Volcanic aerosol effects on warm and cold cloud microphysics: ICON-ART simulations of Holuhraun and La Soufrière eruptions

Abstract. Volcanic eruptions are a rich source of particles, such as sulfate and ash, that can act as cloud condensation nuclei (CCN) or ice nucleating particles (INPs). They offer a unique opportunity to study the effects of aerosols on clouds because they create a natural laboratory with high concentrations of aerosols adjacent to an unperturbed environment. In this study, we used the ICON–ART (ICOsahedral Nonhydrostatic weather and climate model with Aerosols and Reactive Trace gases) modeling system to simulate the initial phases of the 2014–2015 Holuhraun and the 2021 La Soufrière eruptions.

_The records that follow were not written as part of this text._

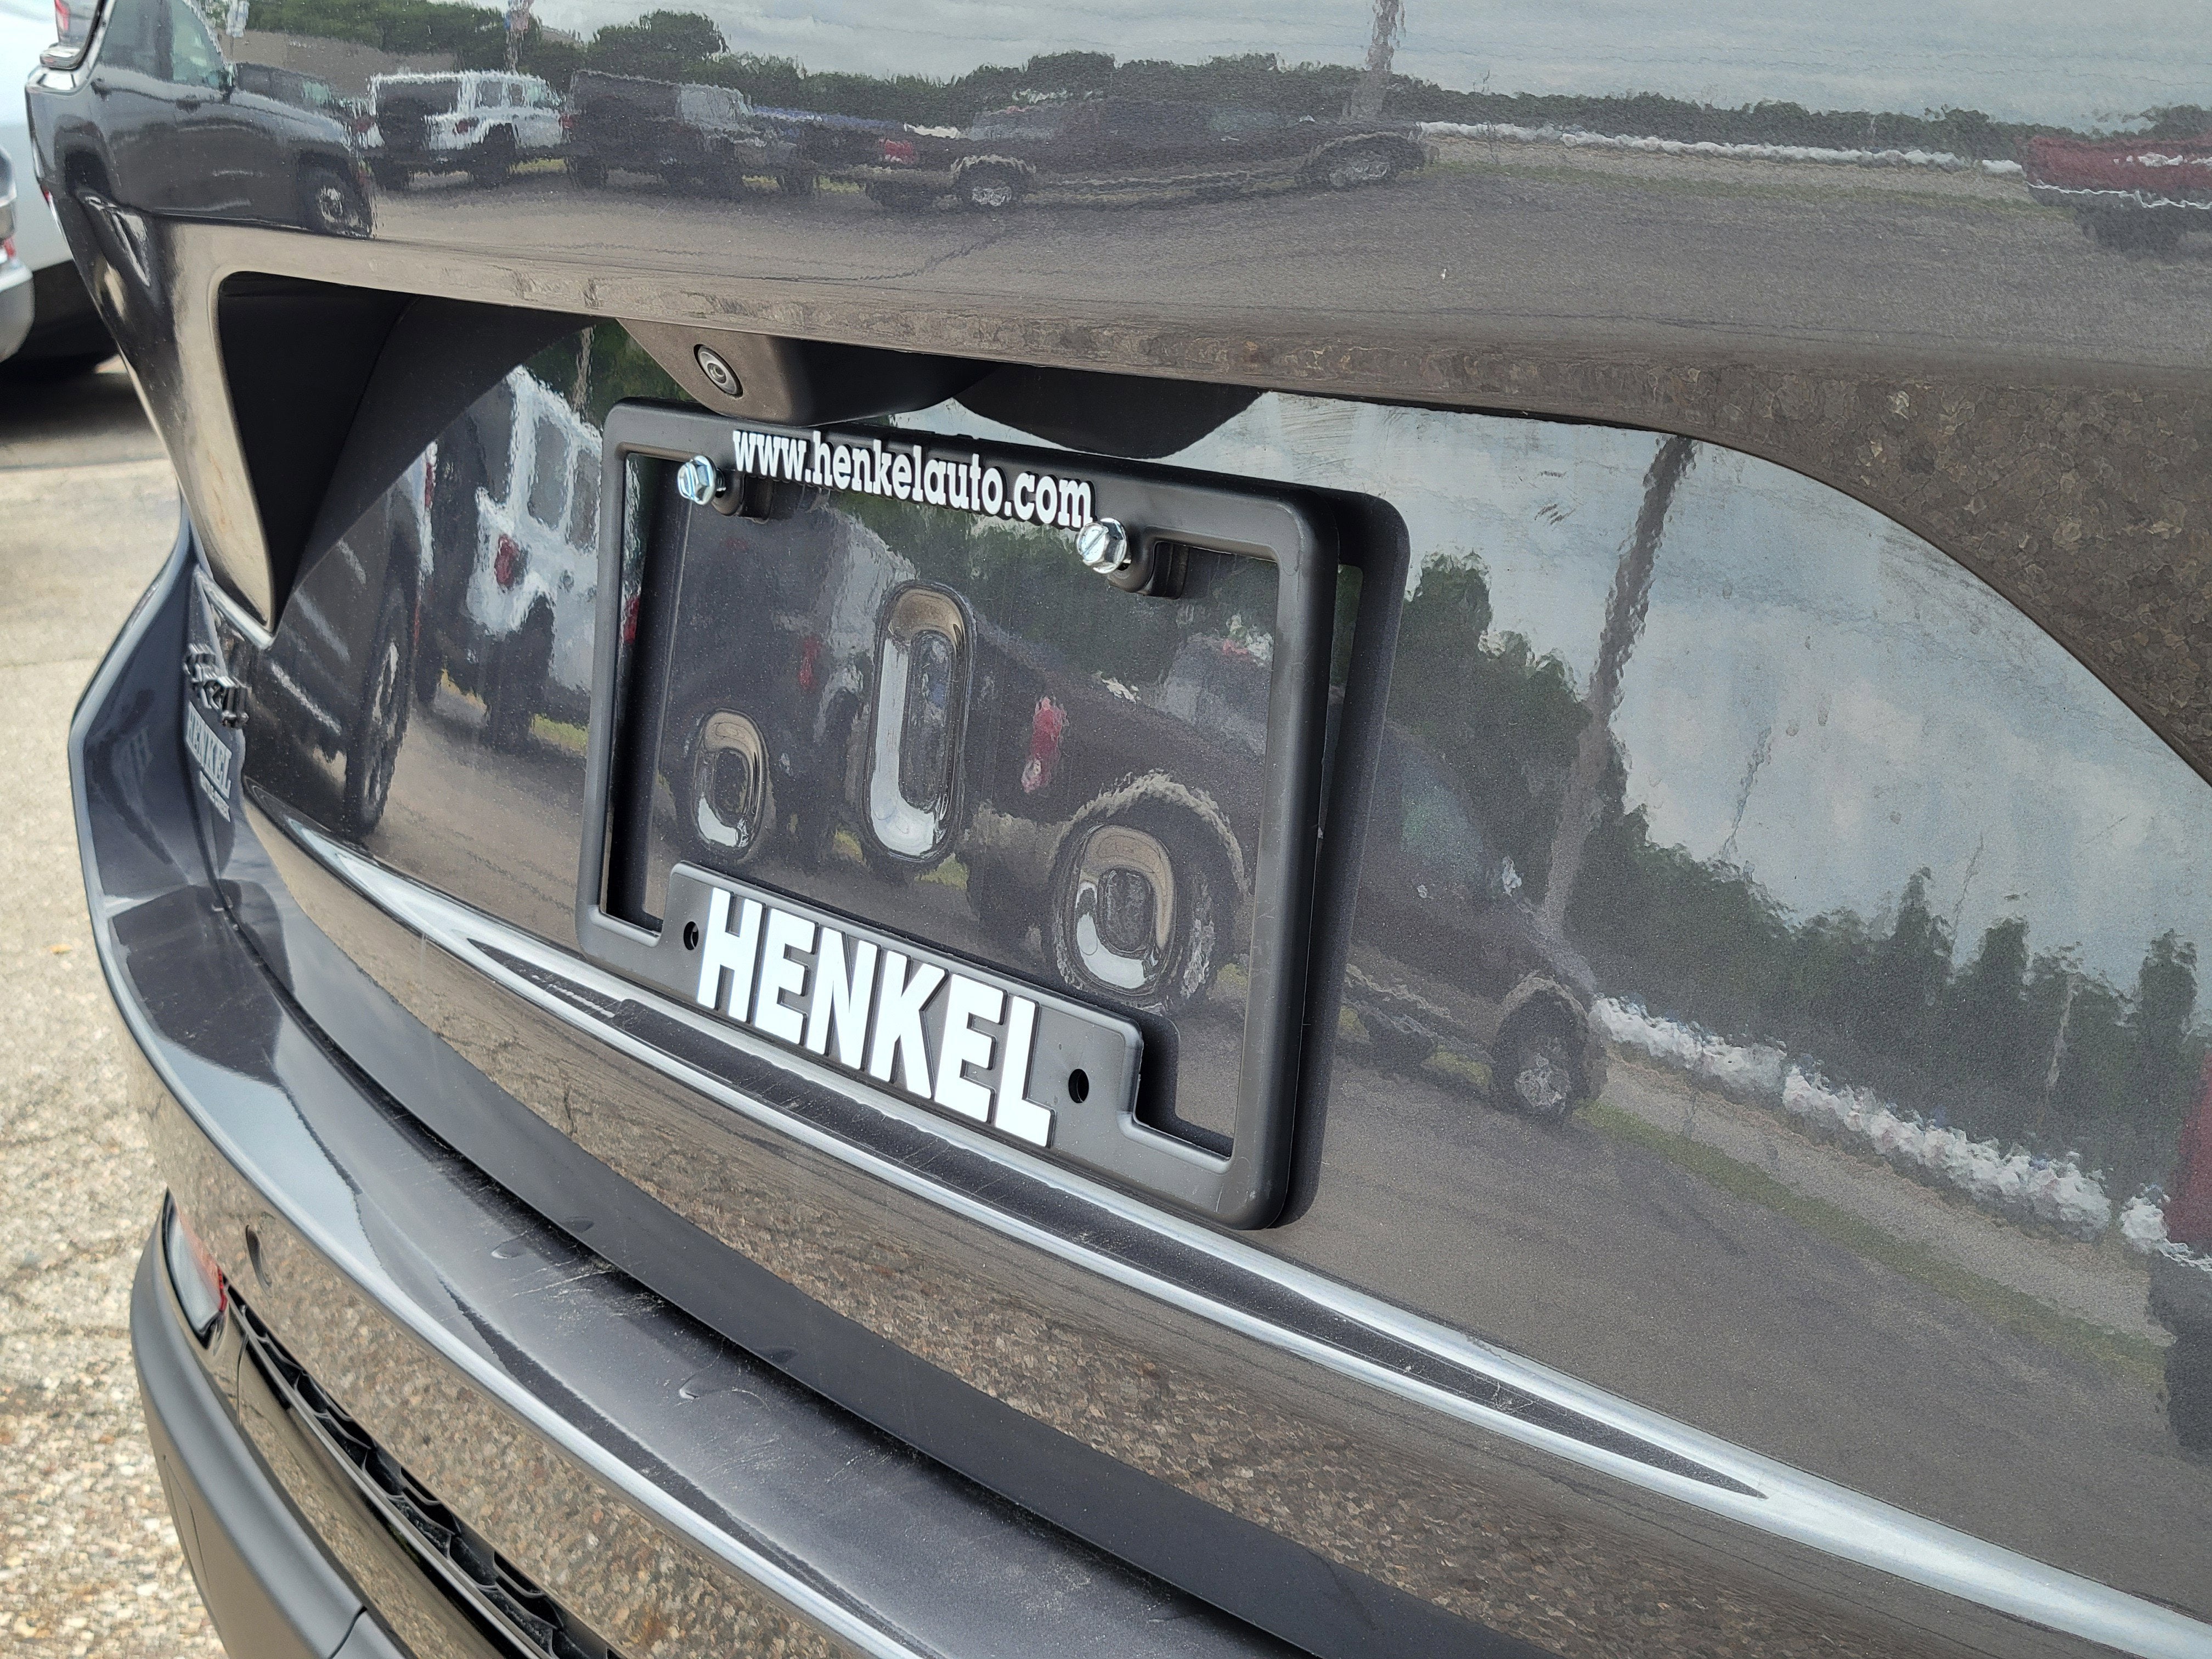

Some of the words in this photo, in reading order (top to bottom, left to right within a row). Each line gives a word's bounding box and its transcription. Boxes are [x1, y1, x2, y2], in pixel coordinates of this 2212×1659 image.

[732, 430, 1093, 529] www.henkelauto.com
[186, 701, 233, 799] HENKEL
[697, 887, 1052, 1147] HENKEL
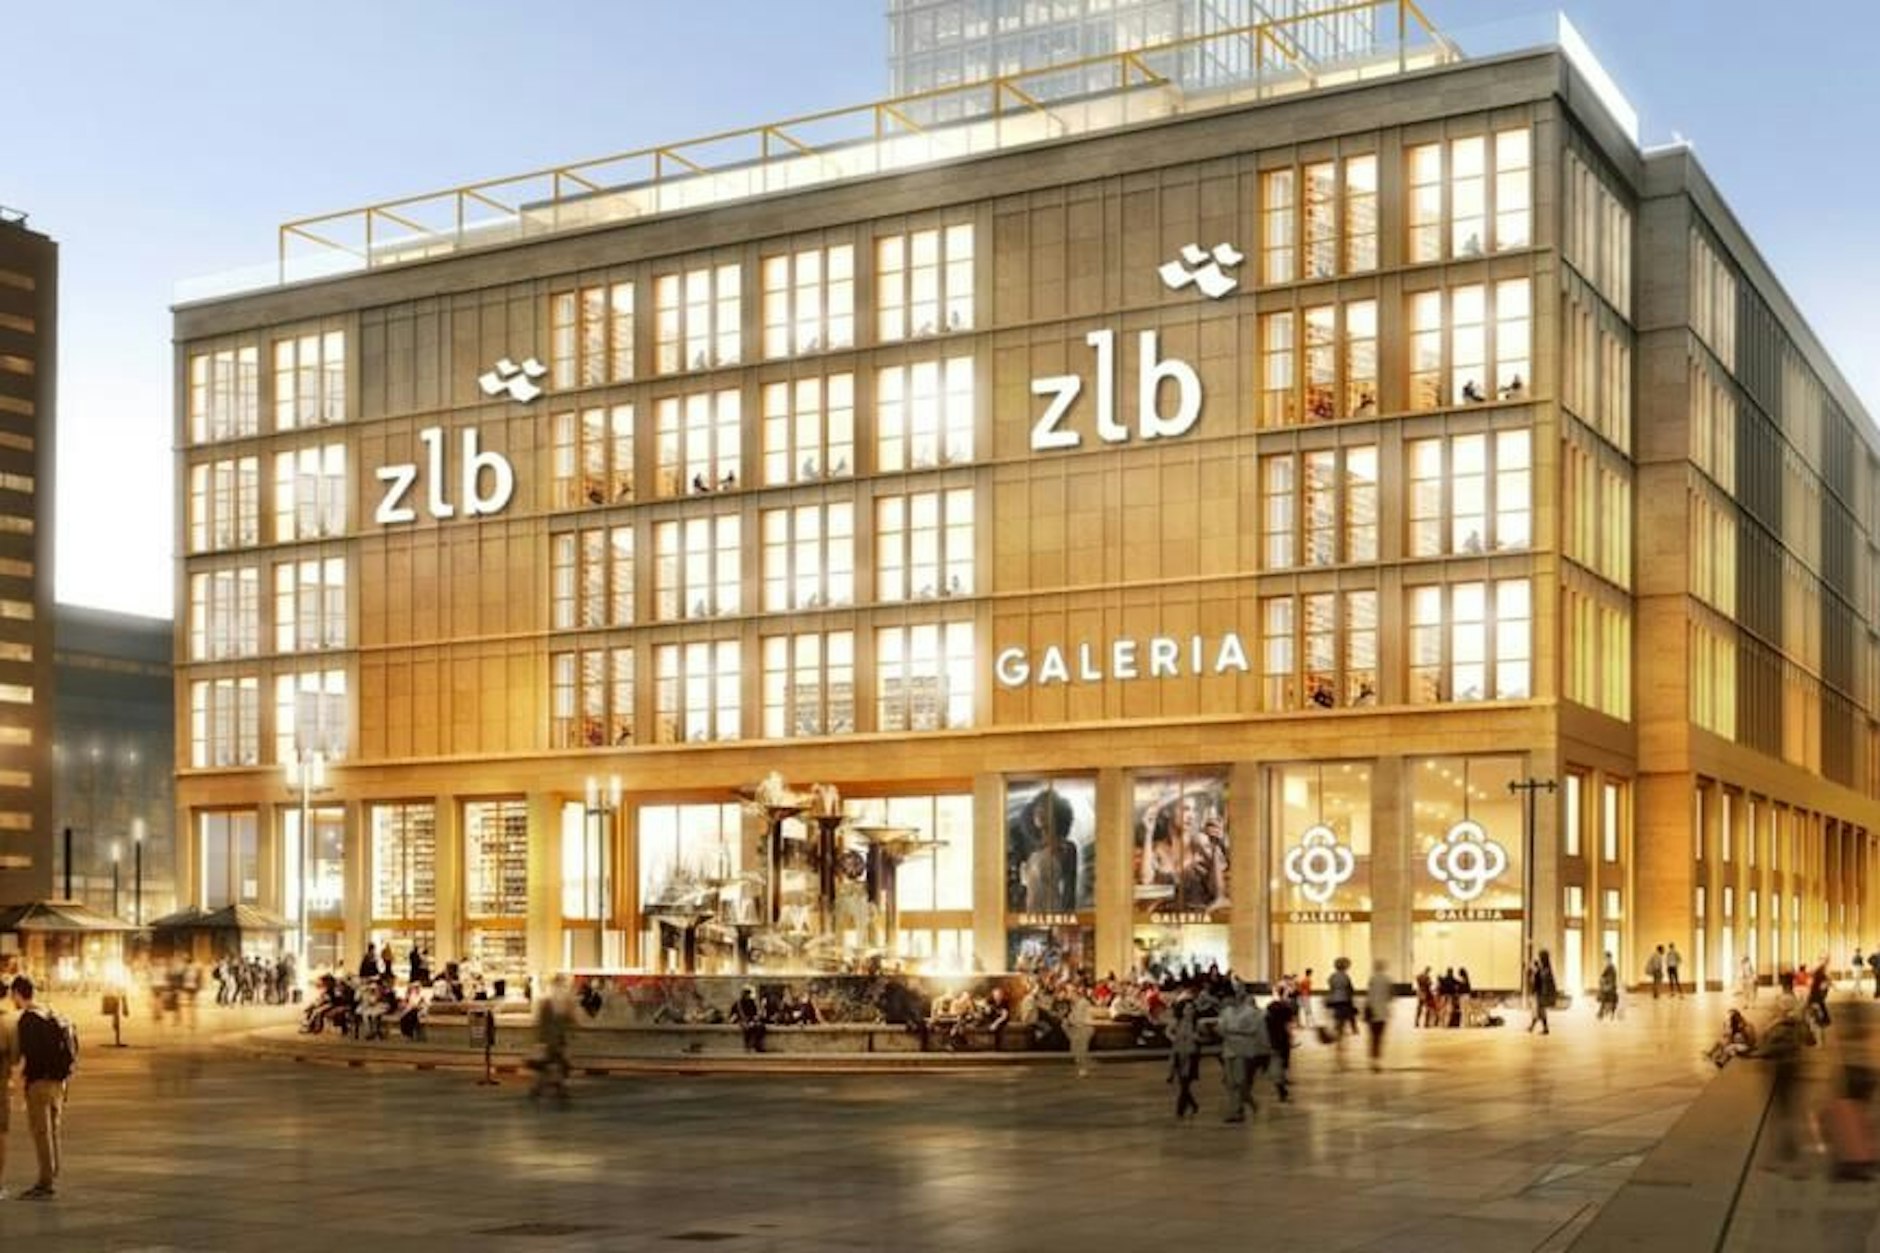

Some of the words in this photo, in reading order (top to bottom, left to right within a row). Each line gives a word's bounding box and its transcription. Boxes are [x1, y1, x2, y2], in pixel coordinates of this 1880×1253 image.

[1030, 328, 1202, 450] zlb
[375, 425, 515, 524] zlb
[995, 632, 1249, 687] GALERIA
[1017, 912, 1079, 926] GALERIA
[1149, 911, 1213, 925] GALERIA
[1289, 911, 1352, 924] GALERIA
[1434, 909, 1504, 921] GALERIA
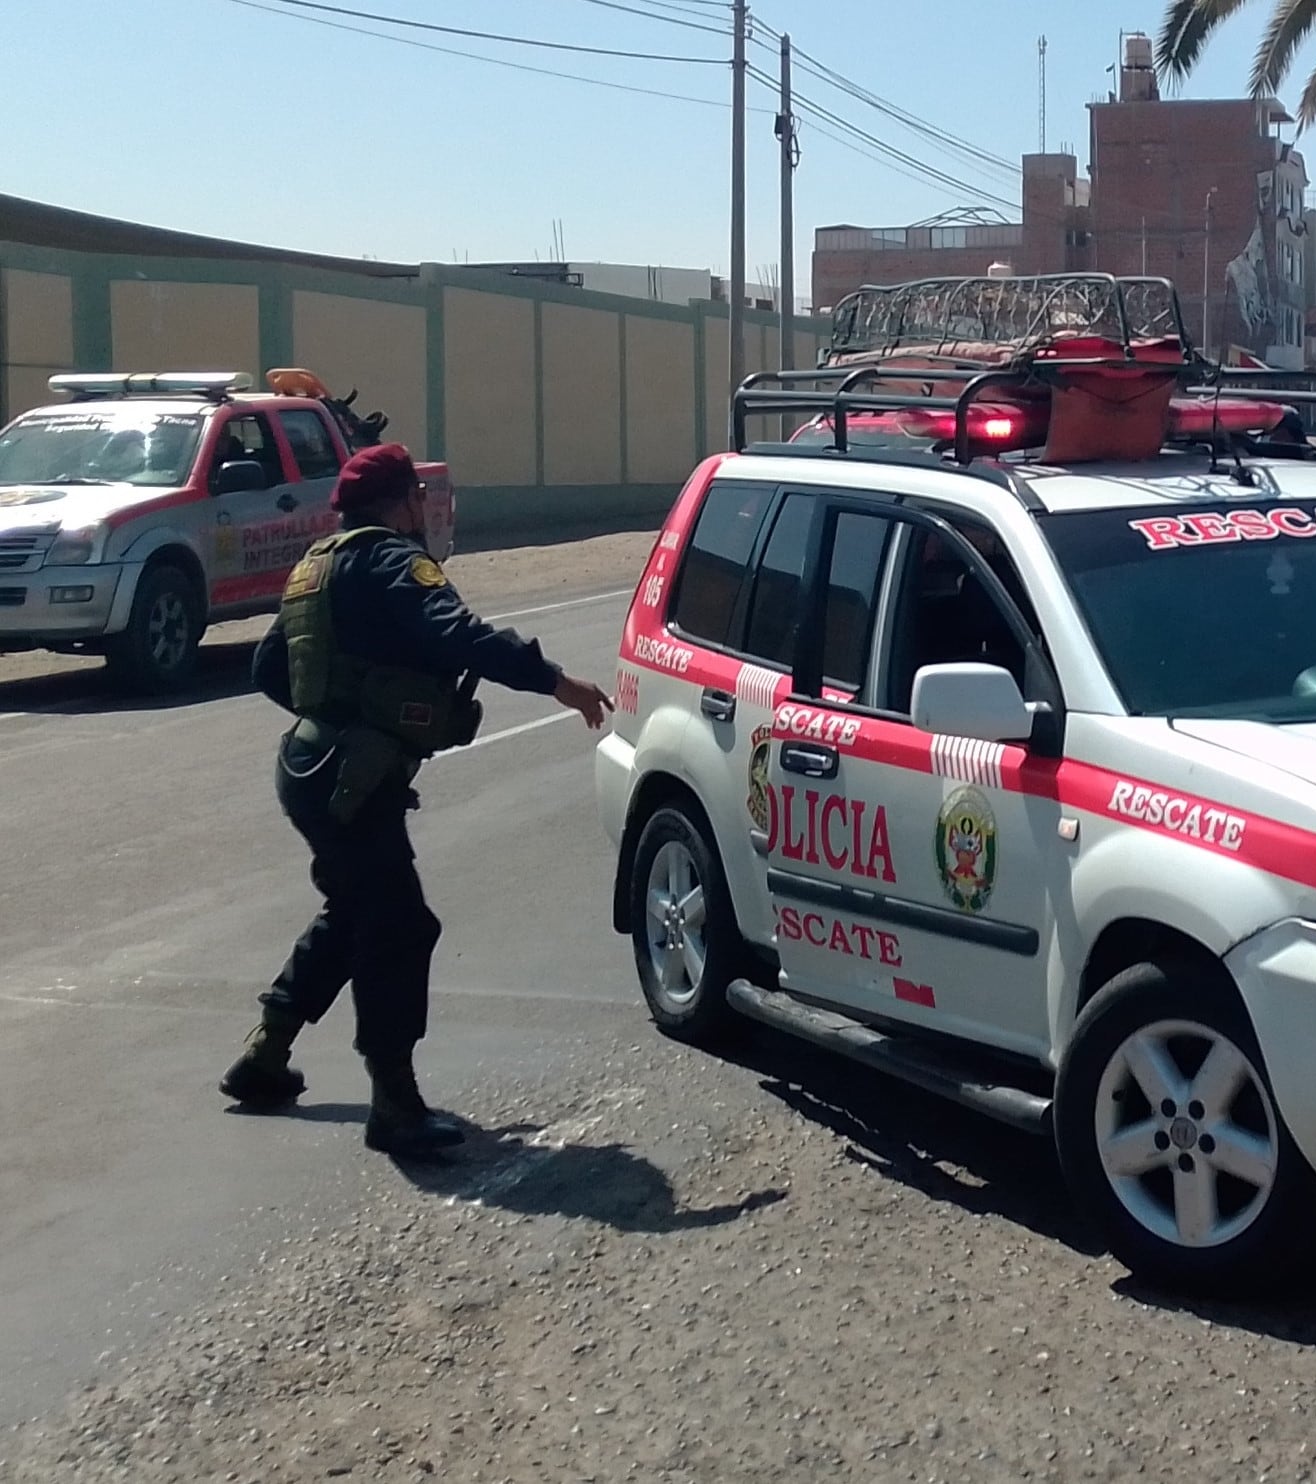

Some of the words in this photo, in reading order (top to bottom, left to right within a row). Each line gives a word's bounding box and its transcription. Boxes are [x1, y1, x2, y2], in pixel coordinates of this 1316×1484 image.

[243, 541, 310, 571] INTEGR
[634, 634, 694, 673] RESCATE
[774, 701, 861, 746] SCATE
[1107, 780, 1246, 851] RESCATE
[772, 904, 903, 967] SCATE

Our goal was to improve our understanding of how cloud microphysical processes respond to volcanic aerosols. For the Holuhraun eruption, which was non-explosive and rich in SO₂, we found that the number concentration of cloud droplets increased significantly due to the presence of volcanic aerosols. Warm rain processes, such as autoconversion and accretion, and consequently rain decreased. Additionally, we found that volcanic aerosols weakened the riming process and reduced the graupel concentration. The La Soufrière eruption provides an opportunity to investigate the competition between homogeneous and heterogeneous ice nucleation because it emitted both ash and SO₂. Our results show that ash particles acting as INPs deplete water vapor. This reduces the total number of ice crystals by hindering homogeneous ice nucleation.